Title : Unveiling the unforeseen: Unusual presentation of acute motor and sensory axonal polyneuropathy in a regional victorian hospital
Abstract:
Background: Guillain Barre syndrome (GBS) is a very well-studied condition in neurology which usually associated with antecedent infections, predominantly gastroenteritis or chest infection over the past few weeks. Among its variants, acute motor and sensory axonal neuropathy (AMSAN) is the severe form and has got worse clinical course and prognosis. Campylobacter jejuni is the agent in 70%of cases of acute motor and sensory axonal neuropathy (AMSAN) cases. There are cases of GBS concomitantly with the infections.
Case Presentation: A 68-year-old male presented to the emergency department with four-day history of severe right sided pleuritic chest pain, which was unbearable, not responding to conventional analgesics. He also experienced difficulty in walking over the last two days. He started using a stick which is new and wife witnessed furniture walking before the day of admission. On examination, noticed a well-built man with marked distal weakness of the lower limbs (3/5) with global areflexia. Upper limb power was normal (5/5) both distally and proximally and no objective sensory loss demonstrated. Cranial nerves were spared. Chest examination did not have any positive findings. Cerebrospinal fluid (CSF) examination did not reveal the typical albumin cytological dissociation (protein 0.37g/l, leuk-1*106) and the CT brain and MRI spine were also normal. Blood panel was pristine and chest X-ray was devoid of any consolidation. On the first day of admission, his pleuritic chest pain was causing him distress which required intravenous opioids while closely monitored for neurological progression given the atypical features. His weakness progressed proximally in the next 24 hours, power was 2/5 in the distal feet and 3/5 proximally, upper limbs also started with the distal weakness of 4/5.Then intravenous immunoglobulin was commenced (0.4g/kg/d for 5 days). However, the weakness progressed to affect the respiratory muscles which led him to get intubated. He also had autonomic instability with fluctuations in the blood pressure and tachycardia. The repeat CSF on day 9 revealed albumin cytological dissociation (CSF protein 0.92g/l) and nerve conduction also confirmed highly attenuated tibial motor amplitude with prolonged distal latencies and slow velocities, absent F waves, normal median motor CMAP which favours generalized axonal motor and sensory neuropathy. CSF anti GM1, GAD antibodies were negative. The serologies from extended viral and bacterial respiratory panel to evaluate the underlying aetiology was negative including COVID PCR. There is no recent vaccination as well. Th weakness started to improve after four weeks into the illness. Eventually it improved and patient is undergoing rehabilitation at present.

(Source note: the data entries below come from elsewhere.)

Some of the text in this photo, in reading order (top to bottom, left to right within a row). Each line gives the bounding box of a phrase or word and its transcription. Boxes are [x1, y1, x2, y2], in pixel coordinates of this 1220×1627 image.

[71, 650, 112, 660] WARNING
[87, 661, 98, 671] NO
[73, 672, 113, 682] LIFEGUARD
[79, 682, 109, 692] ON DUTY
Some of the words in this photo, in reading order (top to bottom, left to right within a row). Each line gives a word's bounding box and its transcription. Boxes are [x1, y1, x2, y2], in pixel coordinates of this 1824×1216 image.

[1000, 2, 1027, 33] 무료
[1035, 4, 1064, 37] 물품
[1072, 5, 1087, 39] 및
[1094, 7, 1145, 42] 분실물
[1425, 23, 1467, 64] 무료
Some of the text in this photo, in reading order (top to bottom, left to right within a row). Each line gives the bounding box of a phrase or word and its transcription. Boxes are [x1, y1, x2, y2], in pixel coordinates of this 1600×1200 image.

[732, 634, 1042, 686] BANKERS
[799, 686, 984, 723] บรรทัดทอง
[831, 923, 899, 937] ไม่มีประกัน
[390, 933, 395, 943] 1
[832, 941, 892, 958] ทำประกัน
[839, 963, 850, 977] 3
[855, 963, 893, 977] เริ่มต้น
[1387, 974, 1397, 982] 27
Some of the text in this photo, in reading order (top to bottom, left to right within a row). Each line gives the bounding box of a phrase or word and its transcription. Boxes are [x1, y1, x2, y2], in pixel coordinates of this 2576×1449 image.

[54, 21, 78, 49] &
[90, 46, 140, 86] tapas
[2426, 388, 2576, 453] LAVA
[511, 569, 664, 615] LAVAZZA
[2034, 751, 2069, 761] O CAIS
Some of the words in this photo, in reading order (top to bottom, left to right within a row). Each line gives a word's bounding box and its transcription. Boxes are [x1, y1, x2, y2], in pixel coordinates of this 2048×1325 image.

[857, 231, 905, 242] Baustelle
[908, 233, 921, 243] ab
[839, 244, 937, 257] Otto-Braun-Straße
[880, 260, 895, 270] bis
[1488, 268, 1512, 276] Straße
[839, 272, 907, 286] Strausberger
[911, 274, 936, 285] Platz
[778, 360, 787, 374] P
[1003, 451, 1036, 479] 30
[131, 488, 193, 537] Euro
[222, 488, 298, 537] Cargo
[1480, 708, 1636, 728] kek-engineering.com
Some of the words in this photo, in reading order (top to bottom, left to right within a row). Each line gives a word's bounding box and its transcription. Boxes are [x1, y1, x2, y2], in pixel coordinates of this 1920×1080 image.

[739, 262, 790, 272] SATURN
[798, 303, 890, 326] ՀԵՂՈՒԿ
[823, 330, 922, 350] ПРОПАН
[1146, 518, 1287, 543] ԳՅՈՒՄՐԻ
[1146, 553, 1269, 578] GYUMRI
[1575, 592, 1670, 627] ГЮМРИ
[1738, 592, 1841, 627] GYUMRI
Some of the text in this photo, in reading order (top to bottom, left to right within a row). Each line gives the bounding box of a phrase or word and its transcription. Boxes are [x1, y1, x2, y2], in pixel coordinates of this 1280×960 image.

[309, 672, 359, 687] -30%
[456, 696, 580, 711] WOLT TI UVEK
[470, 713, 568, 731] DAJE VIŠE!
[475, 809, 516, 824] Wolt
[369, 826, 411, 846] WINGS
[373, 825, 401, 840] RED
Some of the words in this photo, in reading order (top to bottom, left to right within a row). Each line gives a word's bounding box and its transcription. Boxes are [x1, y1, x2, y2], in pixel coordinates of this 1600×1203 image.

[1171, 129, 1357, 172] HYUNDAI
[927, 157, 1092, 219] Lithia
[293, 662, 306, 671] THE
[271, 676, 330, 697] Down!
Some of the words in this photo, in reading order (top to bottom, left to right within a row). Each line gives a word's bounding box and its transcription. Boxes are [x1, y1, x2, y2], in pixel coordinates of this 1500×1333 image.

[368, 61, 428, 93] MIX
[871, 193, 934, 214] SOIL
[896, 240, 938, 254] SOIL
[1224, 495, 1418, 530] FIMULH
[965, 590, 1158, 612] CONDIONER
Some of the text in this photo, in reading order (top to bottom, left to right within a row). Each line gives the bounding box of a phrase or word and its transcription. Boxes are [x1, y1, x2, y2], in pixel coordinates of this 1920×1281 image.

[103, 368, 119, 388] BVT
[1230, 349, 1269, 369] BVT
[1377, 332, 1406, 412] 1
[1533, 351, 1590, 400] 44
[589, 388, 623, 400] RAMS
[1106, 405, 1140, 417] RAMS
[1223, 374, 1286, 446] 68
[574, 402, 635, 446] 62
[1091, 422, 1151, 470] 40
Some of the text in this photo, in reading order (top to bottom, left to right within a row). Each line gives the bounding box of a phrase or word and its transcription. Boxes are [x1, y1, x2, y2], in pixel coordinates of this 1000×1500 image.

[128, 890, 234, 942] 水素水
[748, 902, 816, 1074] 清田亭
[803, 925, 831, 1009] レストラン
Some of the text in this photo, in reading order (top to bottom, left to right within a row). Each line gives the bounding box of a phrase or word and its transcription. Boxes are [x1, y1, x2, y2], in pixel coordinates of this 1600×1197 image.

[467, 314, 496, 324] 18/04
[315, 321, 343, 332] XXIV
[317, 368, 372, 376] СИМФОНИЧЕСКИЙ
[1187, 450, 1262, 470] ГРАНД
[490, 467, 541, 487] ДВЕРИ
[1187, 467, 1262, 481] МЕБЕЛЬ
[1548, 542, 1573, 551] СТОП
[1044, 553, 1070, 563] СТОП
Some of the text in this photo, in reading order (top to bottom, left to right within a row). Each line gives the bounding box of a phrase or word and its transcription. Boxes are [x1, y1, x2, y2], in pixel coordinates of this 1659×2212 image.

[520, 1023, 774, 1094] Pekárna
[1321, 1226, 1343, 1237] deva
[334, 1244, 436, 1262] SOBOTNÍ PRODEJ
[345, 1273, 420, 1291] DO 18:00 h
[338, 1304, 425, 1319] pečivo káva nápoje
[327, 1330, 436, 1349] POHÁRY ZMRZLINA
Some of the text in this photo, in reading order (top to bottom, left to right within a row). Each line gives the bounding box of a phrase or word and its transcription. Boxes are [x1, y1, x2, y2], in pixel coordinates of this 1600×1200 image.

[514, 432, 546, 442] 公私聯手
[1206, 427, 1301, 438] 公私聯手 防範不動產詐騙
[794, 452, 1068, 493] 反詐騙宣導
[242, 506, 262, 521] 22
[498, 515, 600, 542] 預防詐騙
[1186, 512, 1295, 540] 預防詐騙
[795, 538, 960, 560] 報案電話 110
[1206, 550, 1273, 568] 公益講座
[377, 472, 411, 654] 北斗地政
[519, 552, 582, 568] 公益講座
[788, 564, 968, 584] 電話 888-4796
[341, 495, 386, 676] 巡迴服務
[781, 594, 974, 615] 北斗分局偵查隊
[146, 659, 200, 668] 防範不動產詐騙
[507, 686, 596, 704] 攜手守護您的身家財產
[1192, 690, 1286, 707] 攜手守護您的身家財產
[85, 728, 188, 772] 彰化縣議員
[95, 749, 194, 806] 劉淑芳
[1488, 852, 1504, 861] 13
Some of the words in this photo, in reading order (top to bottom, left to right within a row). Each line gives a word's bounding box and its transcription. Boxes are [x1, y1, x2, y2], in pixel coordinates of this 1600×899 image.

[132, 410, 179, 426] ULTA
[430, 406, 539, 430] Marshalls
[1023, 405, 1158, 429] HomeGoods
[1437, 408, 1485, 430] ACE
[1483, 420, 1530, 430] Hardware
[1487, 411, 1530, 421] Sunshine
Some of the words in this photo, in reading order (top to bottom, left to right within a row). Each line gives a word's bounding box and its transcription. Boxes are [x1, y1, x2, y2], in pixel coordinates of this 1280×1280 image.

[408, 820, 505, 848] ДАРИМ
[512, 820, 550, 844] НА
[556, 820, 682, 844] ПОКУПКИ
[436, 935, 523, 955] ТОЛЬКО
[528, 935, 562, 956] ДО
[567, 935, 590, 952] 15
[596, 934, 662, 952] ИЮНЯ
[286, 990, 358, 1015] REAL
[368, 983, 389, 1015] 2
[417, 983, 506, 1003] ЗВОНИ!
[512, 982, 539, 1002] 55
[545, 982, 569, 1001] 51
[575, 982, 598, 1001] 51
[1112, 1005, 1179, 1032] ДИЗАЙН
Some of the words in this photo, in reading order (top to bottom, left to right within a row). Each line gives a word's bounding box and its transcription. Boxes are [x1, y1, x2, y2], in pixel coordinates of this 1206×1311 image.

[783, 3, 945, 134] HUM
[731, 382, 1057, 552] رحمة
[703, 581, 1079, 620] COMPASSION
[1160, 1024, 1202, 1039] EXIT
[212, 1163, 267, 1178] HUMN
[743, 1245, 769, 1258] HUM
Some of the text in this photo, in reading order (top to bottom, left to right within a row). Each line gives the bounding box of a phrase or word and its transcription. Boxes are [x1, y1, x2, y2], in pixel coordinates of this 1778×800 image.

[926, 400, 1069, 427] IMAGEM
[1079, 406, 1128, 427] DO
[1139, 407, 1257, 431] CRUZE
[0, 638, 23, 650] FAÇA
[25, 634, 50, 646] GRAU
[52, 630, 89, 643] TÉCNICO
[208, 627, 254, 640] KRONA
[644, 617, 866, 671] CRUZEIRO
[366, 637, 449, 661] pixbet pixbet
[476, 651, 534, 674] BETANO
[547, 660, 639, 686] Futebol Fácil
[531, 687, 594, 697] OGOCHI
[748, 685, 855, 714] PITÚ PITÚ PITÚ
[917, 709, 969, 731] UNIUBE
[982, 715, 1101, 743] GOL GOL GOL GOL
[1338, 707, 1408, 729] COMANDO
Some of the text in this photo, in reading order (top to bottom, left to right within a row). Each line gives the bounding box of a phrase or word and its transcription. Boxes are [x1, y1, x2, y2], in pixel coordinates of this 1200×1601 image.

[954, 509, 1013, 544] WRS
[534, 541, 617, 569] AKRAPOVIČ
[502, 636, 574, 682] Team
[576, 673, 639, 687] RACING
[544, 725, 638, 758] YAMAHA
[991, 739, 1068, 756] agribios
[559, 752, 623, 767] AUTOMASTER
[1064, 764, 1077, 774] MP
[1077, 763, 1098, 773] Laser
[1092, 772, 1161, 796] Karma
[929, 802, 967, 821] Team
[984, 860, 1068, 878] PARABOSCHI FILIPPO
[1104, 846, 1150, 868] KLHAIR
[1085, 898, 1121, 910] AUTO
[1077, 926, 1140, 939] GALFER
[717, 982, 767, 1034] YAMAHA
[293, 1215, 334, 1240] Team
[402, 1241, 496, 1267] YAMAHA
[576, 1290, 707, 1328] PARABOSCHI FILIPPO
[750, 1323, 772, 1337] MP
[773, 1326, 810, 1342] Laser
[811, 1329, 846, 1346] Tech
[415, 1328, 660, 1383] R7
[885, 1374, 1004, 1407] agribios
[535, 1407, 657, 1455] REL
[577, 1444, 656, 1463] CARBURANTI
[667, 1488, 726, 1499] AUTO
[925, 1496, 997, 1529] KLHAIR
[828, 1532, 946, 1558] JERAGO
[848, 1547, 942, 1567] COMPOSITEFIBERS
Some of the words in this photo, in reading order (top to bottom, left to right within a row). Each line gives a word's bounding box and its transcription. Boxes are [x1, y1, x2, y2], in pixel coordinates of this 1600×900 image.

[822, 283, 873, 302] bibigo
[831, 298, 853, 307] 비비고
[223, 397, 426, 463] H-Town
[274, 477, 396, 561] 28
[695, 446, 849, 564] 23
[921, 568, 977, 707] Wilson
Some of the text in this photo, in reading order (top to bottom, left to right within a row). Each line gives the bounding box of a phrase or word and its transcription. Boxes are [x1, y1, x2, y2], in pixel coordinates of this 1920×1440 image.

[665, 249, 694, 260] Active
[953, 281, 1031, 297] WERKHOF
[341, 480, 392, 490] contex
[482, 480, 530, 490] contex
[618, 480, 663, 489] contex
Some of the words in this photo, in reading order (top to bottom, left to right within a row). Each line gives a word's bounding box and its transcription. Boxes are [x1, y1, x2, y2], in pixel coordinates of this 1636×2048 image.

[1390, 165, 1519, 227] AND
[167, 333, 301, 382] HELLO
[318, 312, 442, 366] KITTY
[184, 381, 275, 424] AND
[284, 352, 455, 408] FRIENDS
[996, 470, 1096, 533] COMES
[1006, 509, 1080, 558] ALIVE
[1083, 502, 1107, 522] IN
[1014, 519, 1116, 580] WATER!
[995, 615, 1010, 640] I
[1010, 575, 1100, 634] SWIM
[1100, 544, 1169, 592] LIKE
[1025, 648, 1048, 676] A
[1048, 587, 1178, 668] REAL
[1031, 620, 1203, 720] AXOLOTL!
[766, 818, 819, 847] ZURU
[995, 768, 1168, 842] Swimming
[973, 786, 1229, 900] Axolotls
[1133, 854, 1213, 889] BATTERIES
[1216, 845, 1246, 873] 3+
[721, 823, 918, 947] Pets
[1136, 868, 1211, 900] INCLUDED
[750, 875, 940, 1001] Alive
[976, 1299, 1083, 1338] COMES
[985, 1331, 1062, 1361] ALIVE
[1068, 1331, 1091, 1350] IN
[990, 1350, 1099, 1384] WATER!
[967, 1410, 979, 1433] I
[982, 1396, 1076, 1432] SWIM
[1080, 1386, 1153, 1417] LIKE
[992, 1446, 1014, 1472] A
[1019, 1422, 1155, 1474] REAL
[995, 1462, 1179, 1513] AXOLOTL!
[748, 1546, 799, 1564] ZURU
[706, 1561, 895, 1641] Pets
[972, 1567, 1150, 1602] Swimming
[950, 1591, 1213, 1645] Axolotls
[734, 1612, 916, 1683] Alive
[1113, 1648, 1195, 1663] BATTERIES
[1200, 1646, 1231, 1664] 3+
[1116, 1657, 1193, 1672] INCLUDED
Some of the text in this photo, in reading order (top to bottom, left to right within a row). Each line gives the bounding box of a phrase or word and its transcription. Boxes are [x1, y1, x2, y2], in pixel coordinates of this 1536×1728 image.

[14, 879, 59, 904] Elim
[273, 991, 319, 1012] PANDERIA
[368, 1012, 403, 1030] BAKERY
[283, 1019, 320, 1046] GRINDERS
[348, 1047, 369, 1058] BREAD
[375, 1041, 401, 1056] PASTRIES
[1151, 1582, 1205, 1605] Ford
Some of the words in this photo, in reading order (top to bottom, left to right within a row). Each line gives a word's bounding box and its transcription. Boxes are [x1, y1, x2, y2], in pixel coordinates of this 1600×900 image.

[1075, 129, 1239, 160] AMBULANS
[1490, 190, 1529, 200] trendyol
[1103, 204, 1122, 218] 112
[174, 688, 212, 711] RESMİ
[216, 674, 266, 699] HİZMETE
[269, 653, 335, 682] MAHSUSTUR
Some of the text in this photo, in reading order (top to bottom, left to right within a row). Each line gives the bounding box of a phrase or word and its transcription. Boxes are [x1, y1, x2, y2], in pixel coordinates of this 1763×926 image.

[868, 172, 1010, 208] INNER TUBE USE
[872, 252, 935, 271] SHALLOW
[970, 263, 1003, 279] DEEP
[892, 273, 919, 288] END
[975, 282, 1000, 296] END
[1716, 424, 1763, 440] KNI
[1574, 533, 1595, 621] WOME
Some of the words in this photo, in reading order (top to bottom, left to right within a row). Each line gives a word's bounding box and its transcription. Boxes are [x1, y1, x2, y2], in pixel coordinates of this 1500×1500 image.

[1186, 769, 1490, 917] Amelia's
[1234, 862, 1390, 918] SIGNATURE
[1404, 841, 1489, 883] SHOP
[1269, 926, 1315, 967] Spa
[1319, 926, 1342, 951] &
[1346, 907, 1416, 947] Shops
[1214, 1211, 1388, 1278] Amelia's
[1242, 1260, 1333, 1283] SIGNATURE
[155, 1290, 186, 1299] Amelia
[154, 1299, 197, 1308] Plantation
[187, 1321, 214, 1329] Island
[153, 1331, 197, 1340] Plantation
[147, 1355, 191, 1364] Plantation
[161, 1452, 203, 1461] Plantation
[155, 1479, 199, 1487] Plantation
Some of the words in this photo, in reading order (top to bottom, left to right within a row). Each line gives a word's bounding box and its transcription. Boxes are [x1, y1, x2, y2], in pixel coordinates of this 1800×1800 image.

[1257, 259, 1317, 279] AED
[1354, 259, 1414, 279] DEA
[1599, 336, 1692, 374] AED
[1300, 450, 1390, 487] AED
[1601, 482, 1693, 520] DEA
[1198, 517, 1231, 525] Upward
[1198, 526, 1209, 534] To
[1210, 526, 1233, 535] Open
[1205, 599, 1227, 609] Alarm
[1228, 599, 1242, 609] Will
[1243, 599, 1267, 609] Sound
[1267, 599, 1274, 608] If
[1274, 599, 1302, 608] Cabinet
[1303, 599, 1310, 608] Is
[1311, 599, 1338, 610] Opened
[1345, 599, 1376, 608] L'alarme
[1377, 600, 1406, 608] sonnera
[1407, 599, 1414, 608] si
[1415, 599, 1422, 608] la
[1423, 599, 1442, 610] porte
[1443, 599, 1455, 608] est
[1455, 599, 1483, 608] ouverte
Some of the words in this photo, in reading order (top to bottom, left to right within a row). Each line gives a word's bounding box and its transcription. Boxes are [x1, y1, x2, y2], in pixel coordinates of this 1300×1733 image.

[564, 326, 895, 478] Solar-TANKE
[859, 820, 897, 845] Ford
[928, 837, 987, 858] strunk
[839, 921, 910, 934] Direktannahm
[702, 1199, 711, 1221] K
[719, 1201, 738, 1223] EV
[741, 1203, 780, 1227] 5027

Conclusion: Diagnosis of GBS could be challenging at times especially in a regional setting with limited resources. It should be driven by high clinical suspicion even when the timeframe is quite short. Contrary to the typical cases of GBS, the weakness could start concomitantly with an infection or as short as within 48 hours and reach nadir in 3 days. The absent albuminocytological dissociation in the beginning of the course should not exclude the clinical suspicion and it should be repeated after a week. This case underscores the importance of recognizing atypical presentations of GBS, especially when neurological symptoms manifest in conjunction with unusual clinical features, thereby emphasizing the importance of the clinical diagnostic approach and timely intervention to optimize patient outcomes.